Your task: Exact repetition, pictures omitted: give every record below again.

BEGIN Data extract

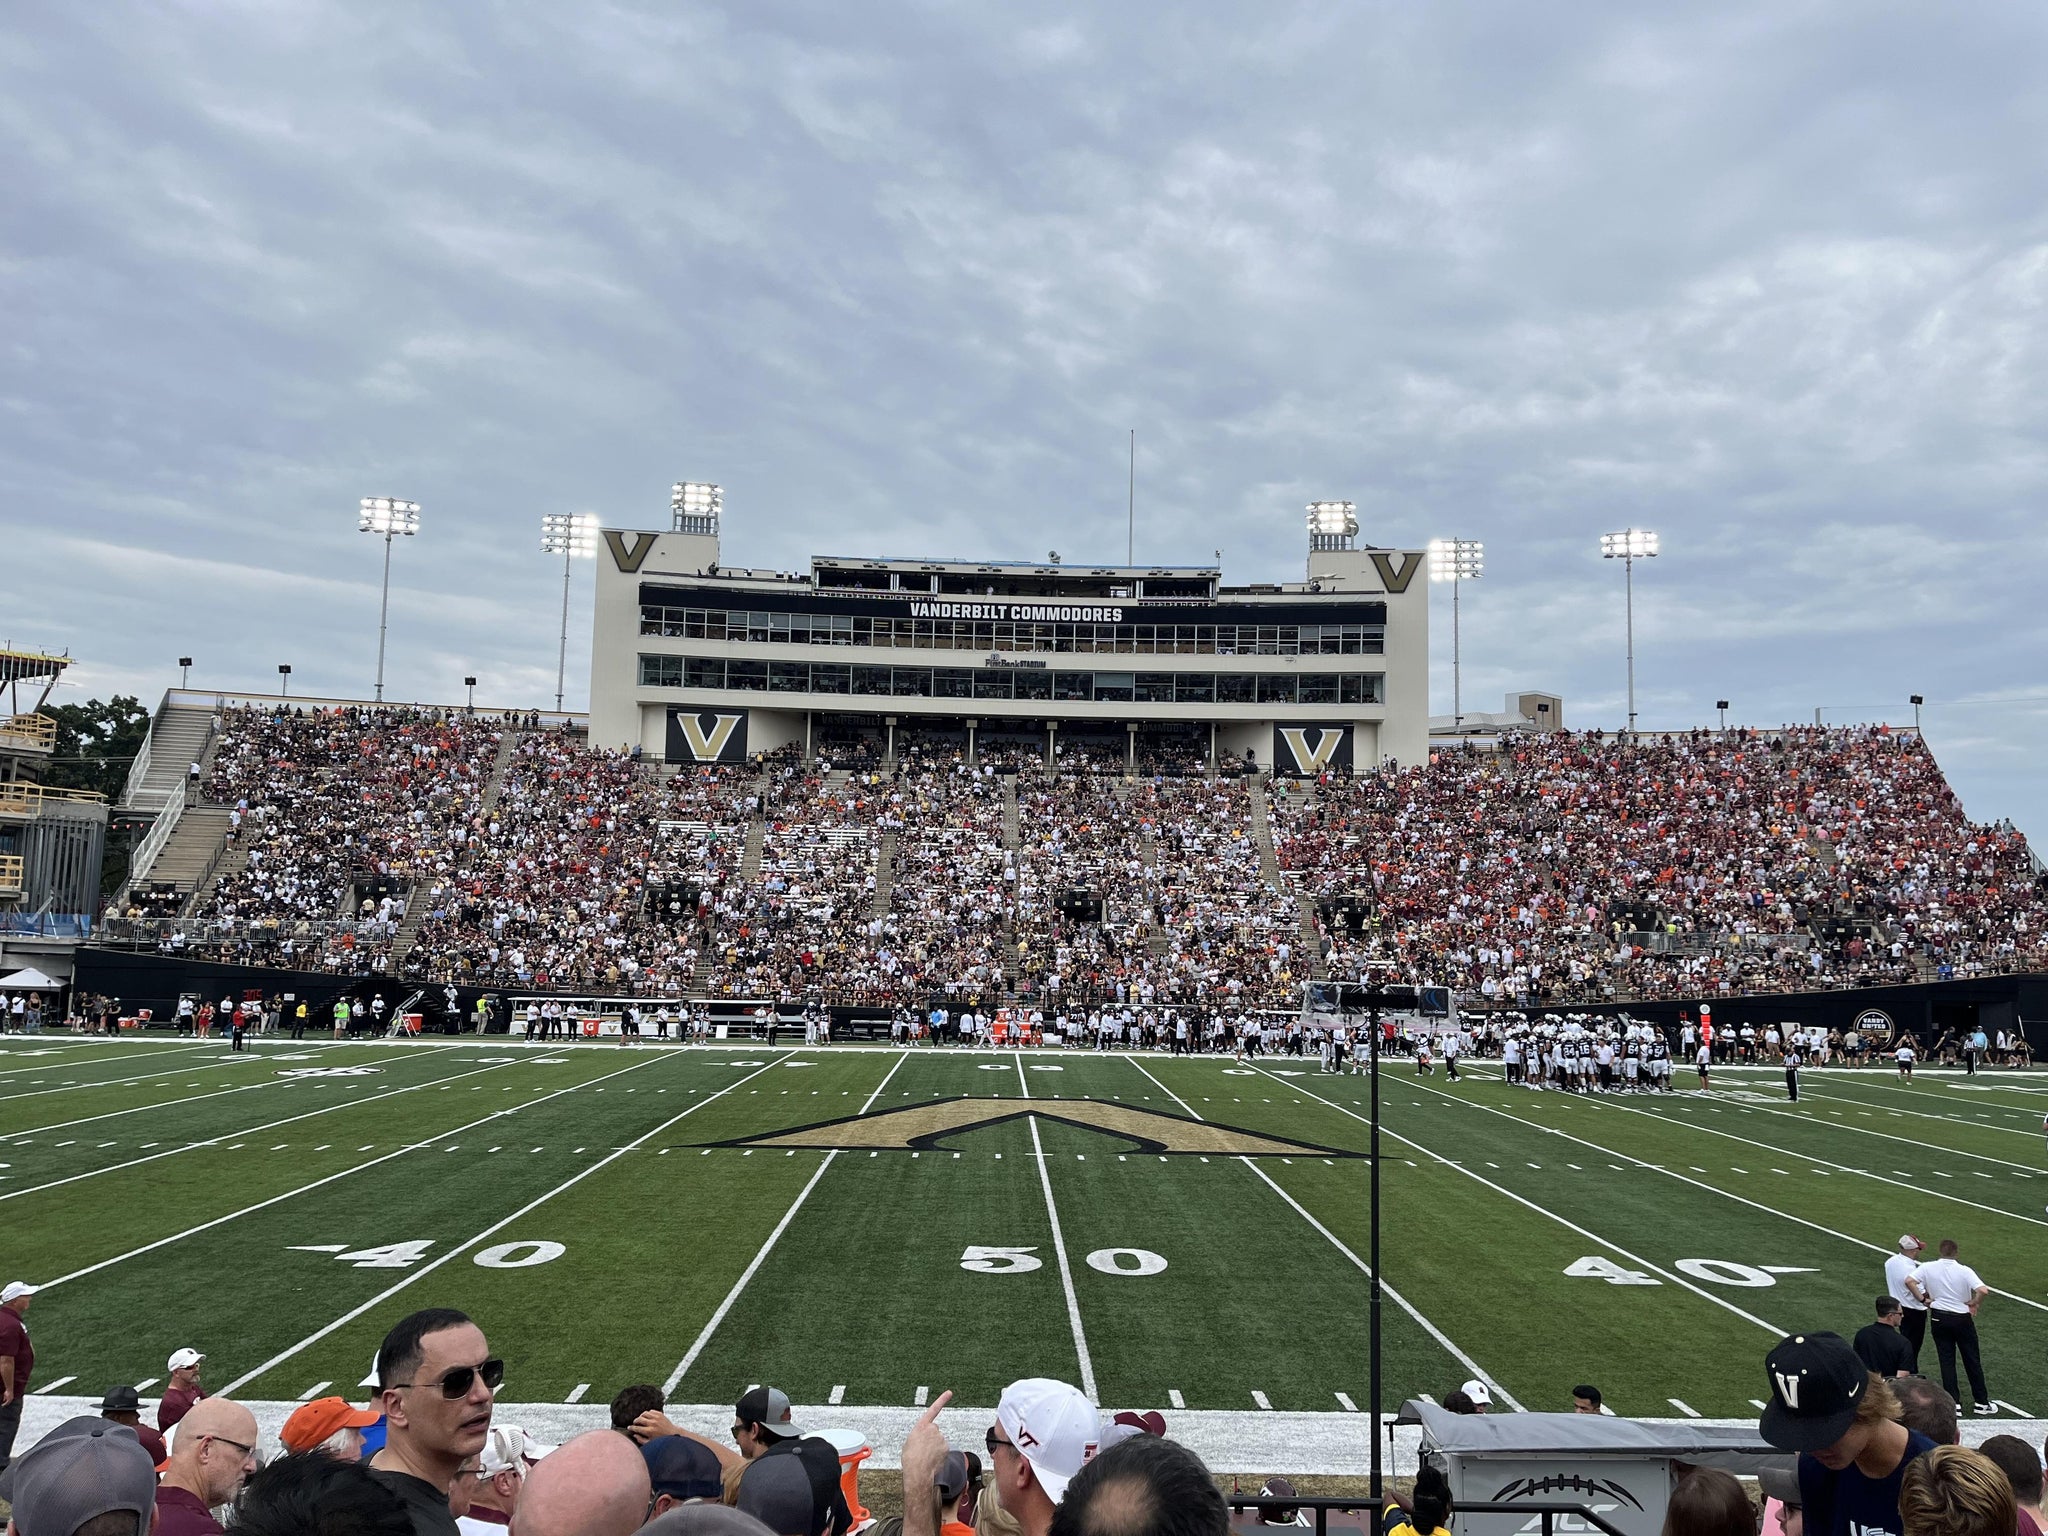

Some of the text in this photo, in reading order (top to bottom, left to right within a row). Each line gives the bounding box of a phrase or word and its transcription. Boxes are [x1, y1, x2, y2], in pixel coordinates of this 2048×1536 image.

[602, 530, 660, 573] V
[1368, 553, 1425, 593] V
[910, 602, 1123, 622] VANDERBILT COMMODORES
[677, 713, 743, 761] V
[1279, 728, 1344, 775] V
[585, 1022, 595, 1031] G
[1775, 1371, 1799, 1409] V
[1017, 1425, 1040, 1448] VT
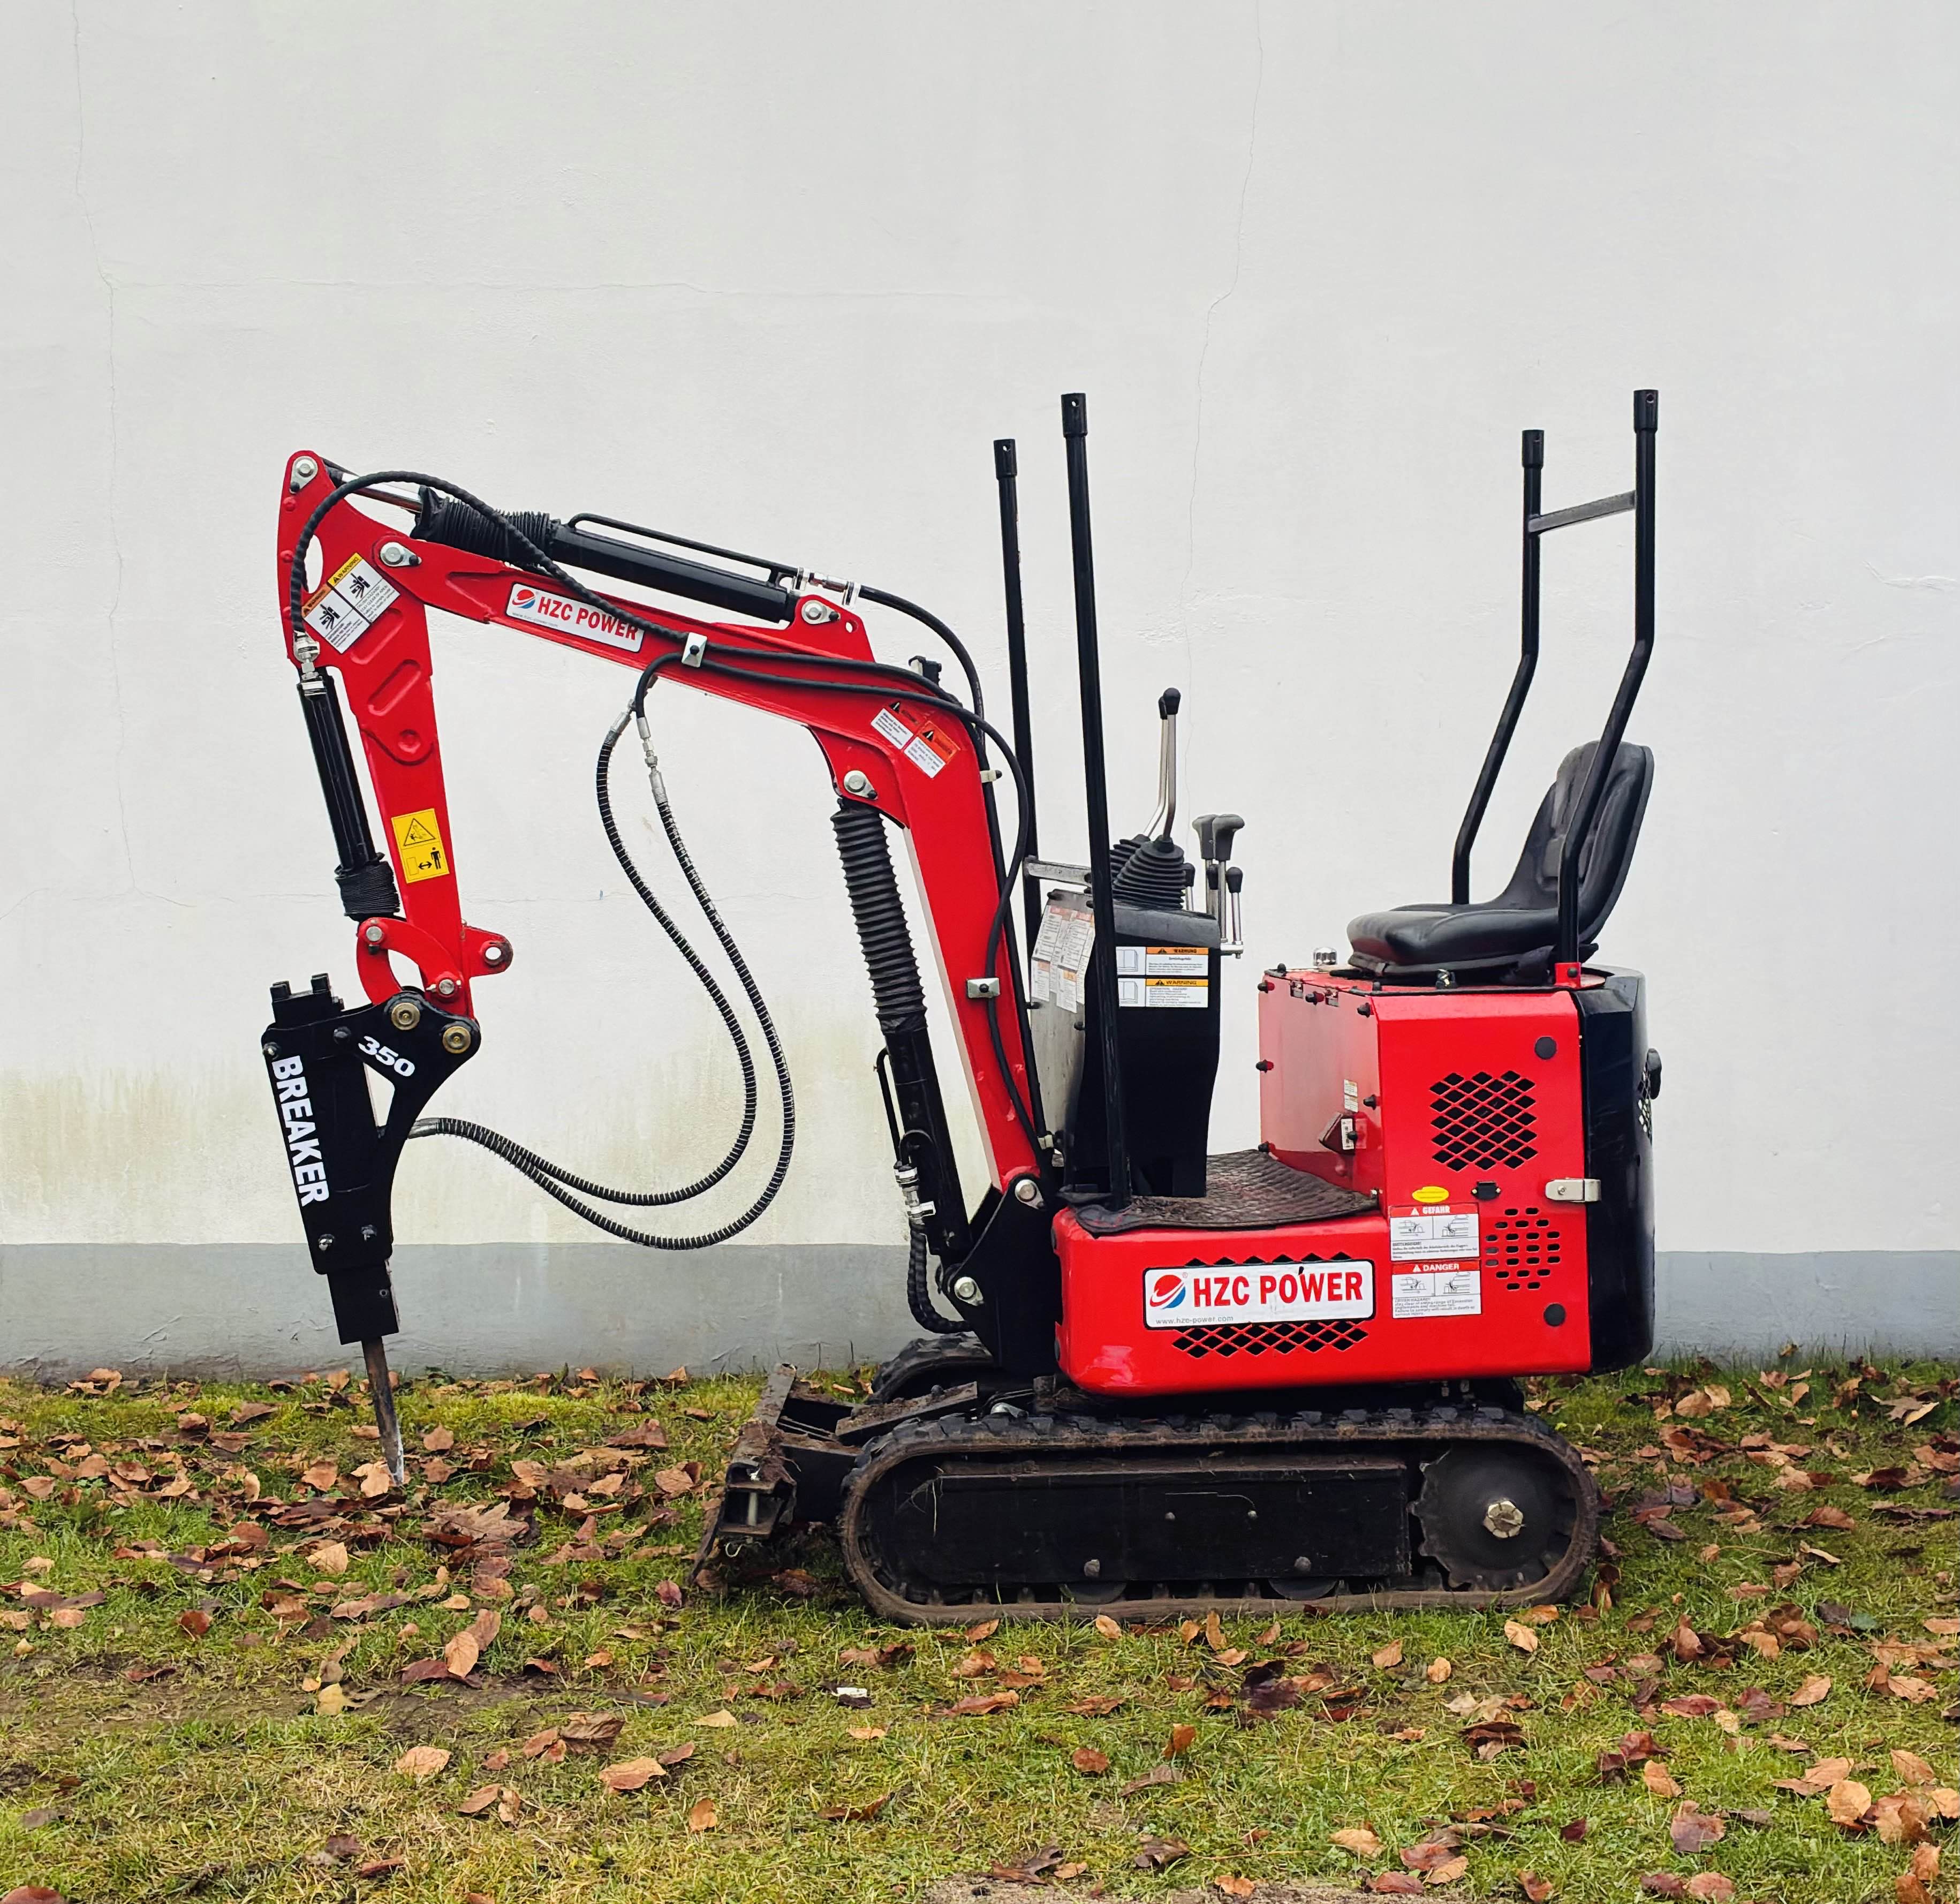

END Data extract

Reply to the task:
Some of the text in this photo, in reading order (top to bottom, left to right within a row). Each line gives the bounding box of a phrase or word and its transcription. Boxes are [x1, y1, x2, y2], in pixel coordinates of this 2048×1536 image.

[602, 530, 660, 573] V
[1368, 553, 1425, 593] V
[910, 602, 1123, 622] VANDERBILT COMMODORES
[677, 713, 743, 761] V
[1279, 728, 1344, 775] V
[585, 1022, 595, 1031] G
[1775, 1371, 1799, 1409] V
[1017, 1425, 1040, 1448] VT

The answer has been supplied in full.